● Your instructions:
With pictures excluded, copy word for word the lines in the data below from the line containing "this 1344×1512 image." through the line containing "this 1125×1500 image.".

====== Input data ======

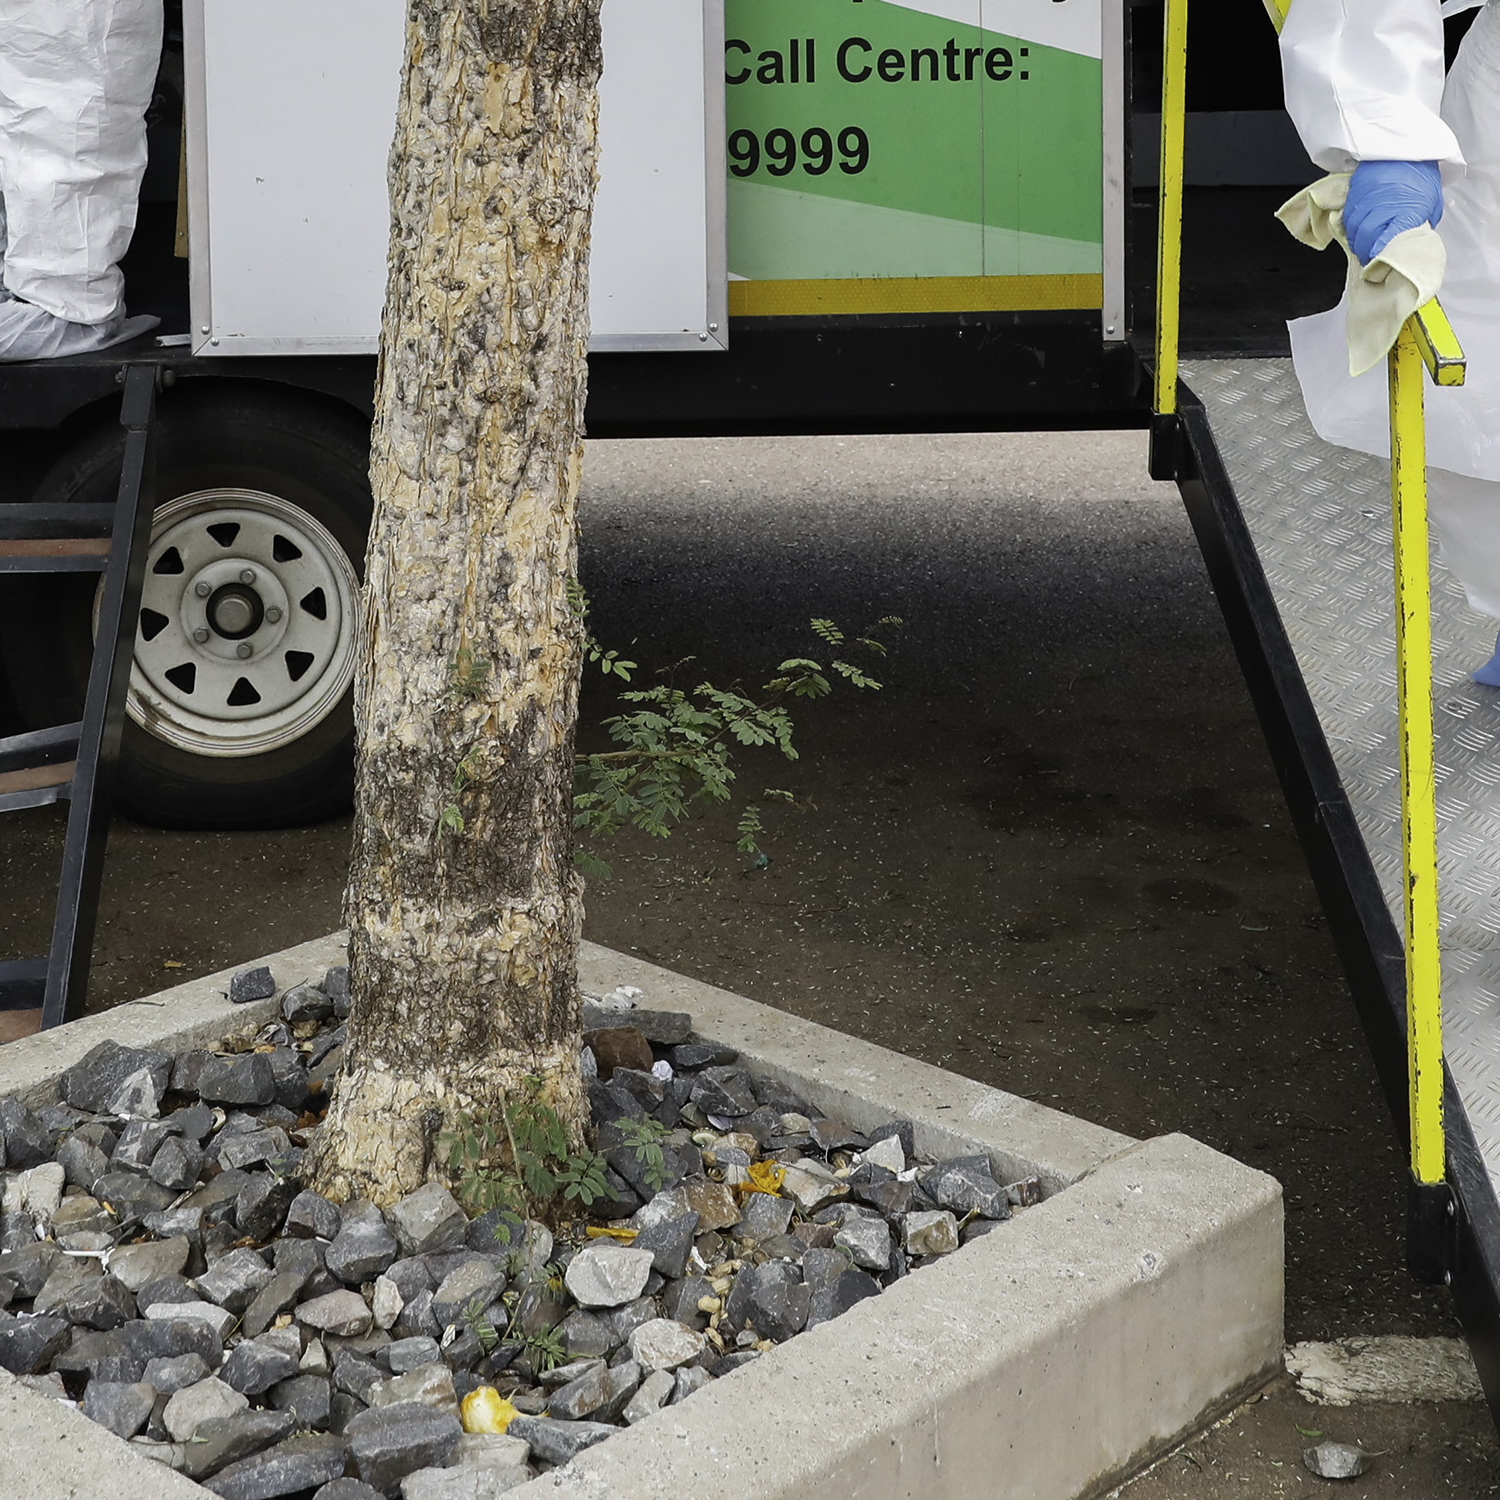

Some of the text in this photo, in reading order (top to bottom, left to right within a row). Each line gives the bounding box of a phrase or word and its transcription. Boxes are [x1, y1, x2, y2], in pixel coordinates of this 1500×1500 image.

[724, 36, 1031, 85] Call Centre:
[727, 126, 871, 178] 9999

======
====== Input data ======

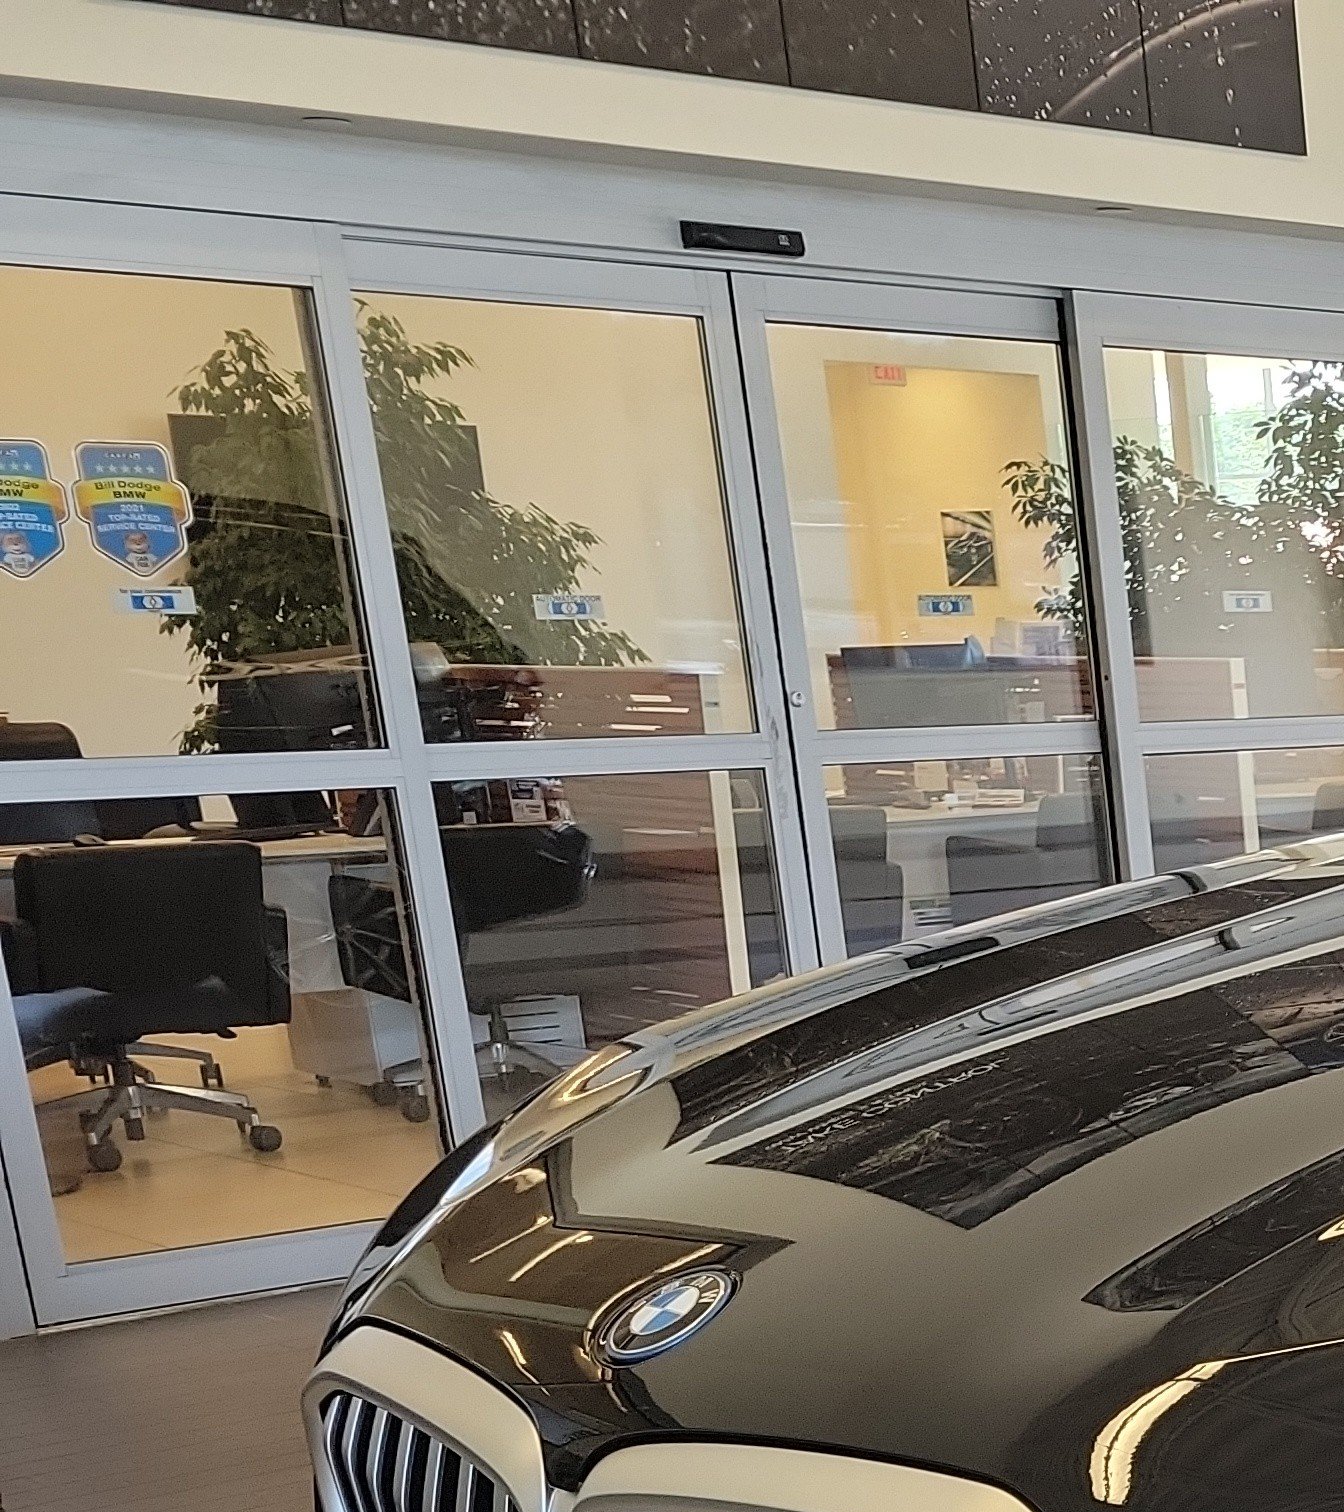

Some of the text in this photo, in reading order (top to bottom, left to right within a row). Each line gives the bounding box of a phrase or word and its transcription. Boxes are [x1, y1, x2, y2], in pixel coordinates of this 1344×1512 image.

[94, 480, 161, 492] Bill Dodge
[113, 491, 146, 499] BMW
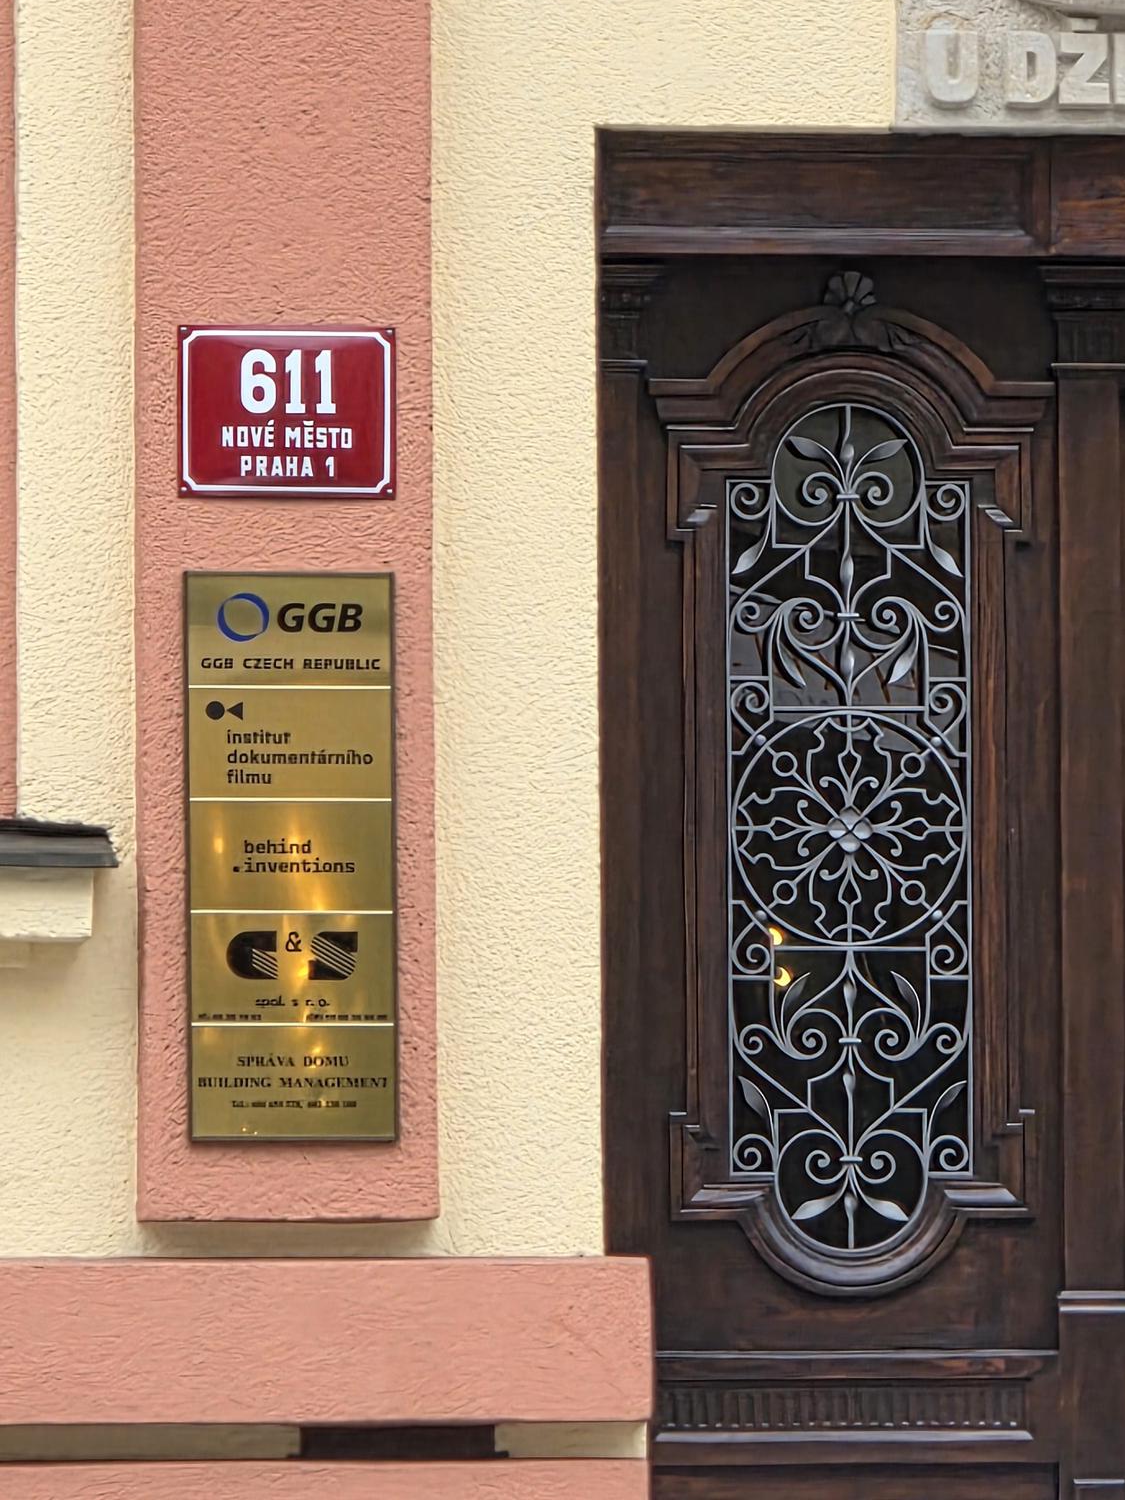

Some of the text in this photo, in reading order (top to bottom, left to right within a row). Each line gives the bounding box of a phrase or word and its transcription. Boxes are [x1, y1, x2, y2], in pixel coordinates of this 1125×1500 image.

======
====== Input data ======

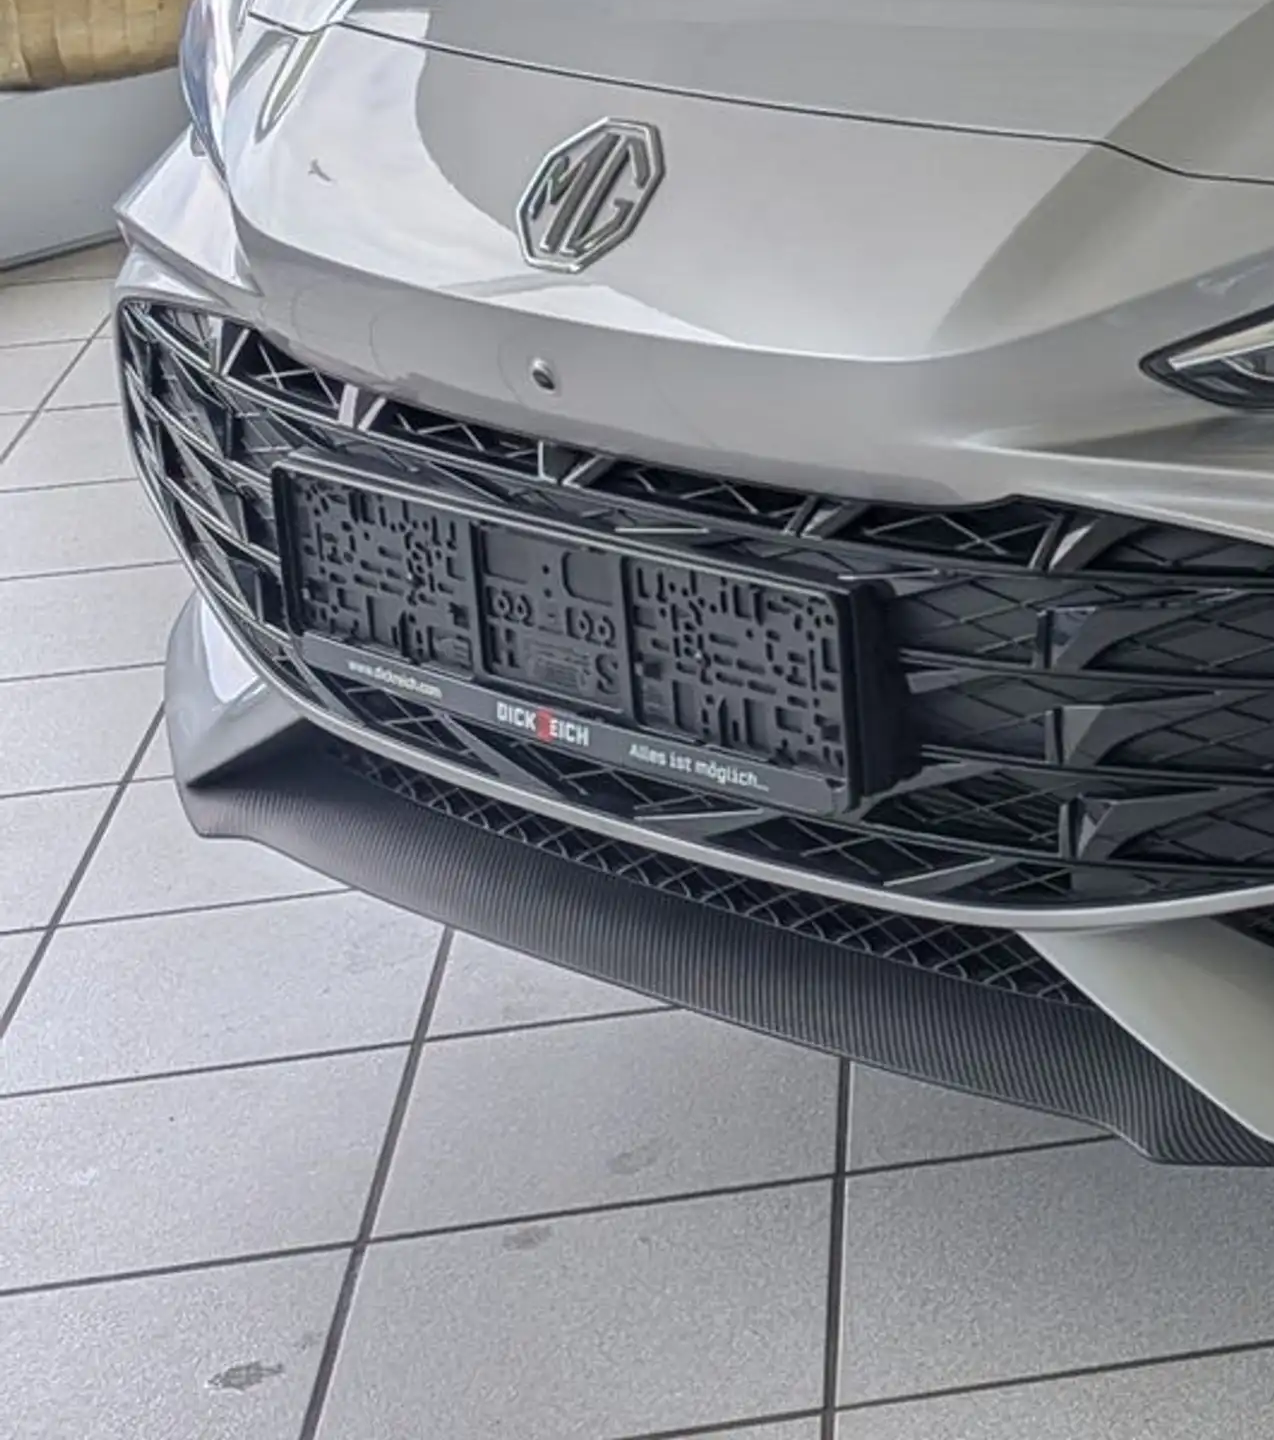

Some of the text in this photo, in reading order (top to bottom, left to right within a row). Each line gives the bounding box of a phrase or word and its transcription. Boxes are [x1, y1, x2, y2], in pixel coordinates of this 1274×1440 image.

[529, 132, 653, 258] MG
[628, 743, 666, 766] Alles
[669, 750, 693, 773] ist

======

● Expected answer:
Some of the text in this photo, in reading order (top to bottom, left to right within a row). Each line gives the bounding box of a phrase or word and its transcription. Boxes are [x1, y1, x2, y2], in pixel coordinates of this 1344×1512 image.

[94, 480, 161, 492] Bill Dodge
[113, 491, 146, 499] BMW

Some of the text in this photo, in reading order (top to bottom, left to right within a row). Each line gives the bounding box of a phrase or word and its transcription. Boxes are [x1, y1, x2, y2], in pixel coordinates of this 1125×1500 image.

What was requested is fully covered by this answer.